先日,私は第五商業高等学校(以下五商)を訪問し,佐藤校長先生から詳しいお話を聞く機会を得た。
五商は,東京都国立(くにたち)市という文教都市に設置され,創立全日制課程77年,定時制課程67年を迎えた伝統校である。
佐藤校長が着任した平成25年4月に,最新設備を誇る新校舎が完成した。そして一昨年,体育館,武道棟,プールの新設,グランド,テニスコートの改修工事も終わり,4つのパソコン教室,総合実践室をはじめ,充実した視聴覚室や図書館など,都内でも有数の最新施設設備のもとで学習できる都立高等学校である。

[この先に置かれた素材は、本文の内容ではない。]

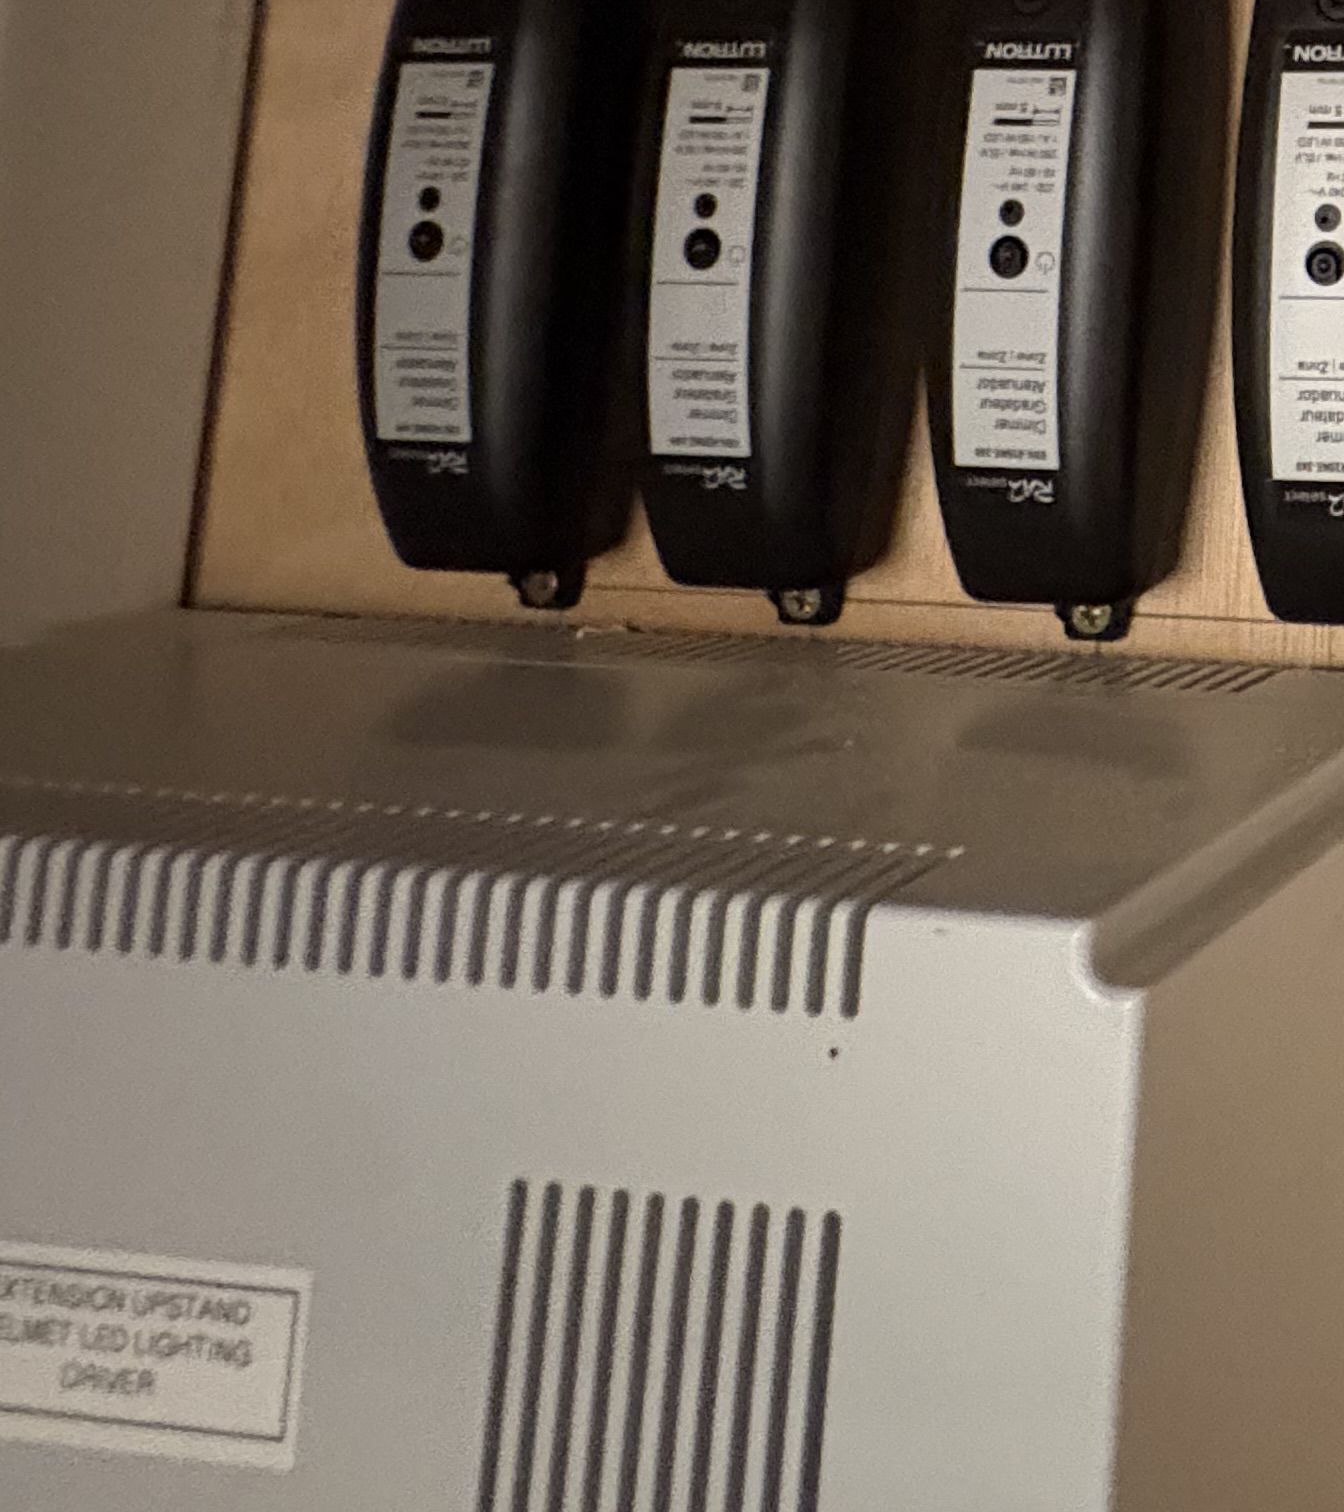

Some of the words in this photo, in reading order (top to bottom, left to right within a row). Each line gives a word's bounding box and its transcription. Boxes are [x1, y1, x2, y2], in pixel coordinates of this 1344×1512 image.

平成23~25年頃の都立商業高校は,中学からの志望倍率が低く,普通科と比較して中途退学率も高く,産業界や進学先での必要な能力の育成が十分できない状況にあった。それを克服するためには,商業高校での学習・生活全般を通してきめ細かな指導を行い,学力や専門的な知識を育み,生徒が希望する進路選択を実現させ,産業界が求める人材を社会に送り出す専門学科としての役割を果たすことが重要な課題であった。
佐藤校長は,着任してから今日まで,学習指導や生徒指導,専門教科の深化・進路学習をはじめとする進路指導等を推進し,教職員,保護者,地域(産業界,大学)との連携を図り,「チーム学校」として,カリキュラム・マネジメントを確立して教育課程の改善・充実に取り組んでいる。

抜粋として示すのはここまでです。